Desde pequeno, sua maior diversão — e o que o fez ficar conhecido e respeitado naquelas ruas — foi irritar os cidadãos certinhos e que prezavam pela vida segura que tinham. Adorava ver as manchetes de jornais, com moradores indignados com o que fazia.
Viveu a vida toda lutando para sobreviver, e não havia coisa mais injusta, e que o irritava mais, do que ver políticos, gente rica, ou que só não passa fome, desprezando e tornando a vida de quem passava necessidades um inferno ainda pior.

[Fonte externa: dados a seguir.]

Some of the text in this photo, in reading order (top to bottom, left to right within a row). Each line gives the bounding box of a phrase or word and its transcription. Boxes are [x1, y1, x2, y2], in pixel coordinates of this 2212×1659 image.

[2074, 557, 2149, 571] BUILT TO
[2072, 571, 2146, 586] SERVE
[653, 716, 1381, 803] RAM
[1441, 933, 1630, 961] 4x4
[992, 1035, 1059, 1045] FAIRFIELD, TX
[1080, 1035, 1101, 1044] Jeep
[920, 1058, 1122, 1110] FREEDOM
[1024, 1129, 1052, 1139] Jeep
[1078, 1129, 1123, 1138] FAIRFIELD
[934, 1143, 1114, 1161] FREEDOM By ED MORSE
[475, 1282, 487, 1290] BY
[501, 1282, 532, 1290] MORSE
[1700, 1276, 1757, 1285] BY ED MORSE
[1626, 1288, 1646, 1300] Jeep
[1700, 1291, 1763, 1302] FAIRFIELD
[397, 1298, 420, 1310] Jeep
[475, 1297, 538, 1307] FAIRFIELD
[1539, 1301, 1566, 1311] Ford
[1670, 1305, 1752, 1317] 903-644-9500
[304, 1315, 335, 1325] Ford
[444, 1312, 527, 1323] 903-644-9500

Por anos, o que esquentava o seu sangue e o movia, era todo o ódio pela sociedade hipócrita que tentavam impor, toda a injustiça e corrupção que jogava gente má e desonesta no topo.
Viu amigos de infância sendo vítima da fome, da violência, da discriminação que todos tinham com pessoas como ele. Seu olhar com o tempo foi ficando cego a qualquer beleza da vida, a qualquer afeto ou calor que poderiam oferecer a ele.
E estava decidido que não ia se amedrontar. Queria ter sua voz ouvida, suas necessidades conhecidas por todos, através de sua arte. Estava certo de que ninguém nunca iria pará-lo.
Iria honrar o lugar de onde havia vindo, nascido e crescido em ruas paradas no tempo, com pessoas que trabalhavam dia e noite para sobreviver, e apenas ganhando as migalhas da fartura que as outras pessoas deixavam para trás.
Ele, Han Jisung, honraria o nome de sua família.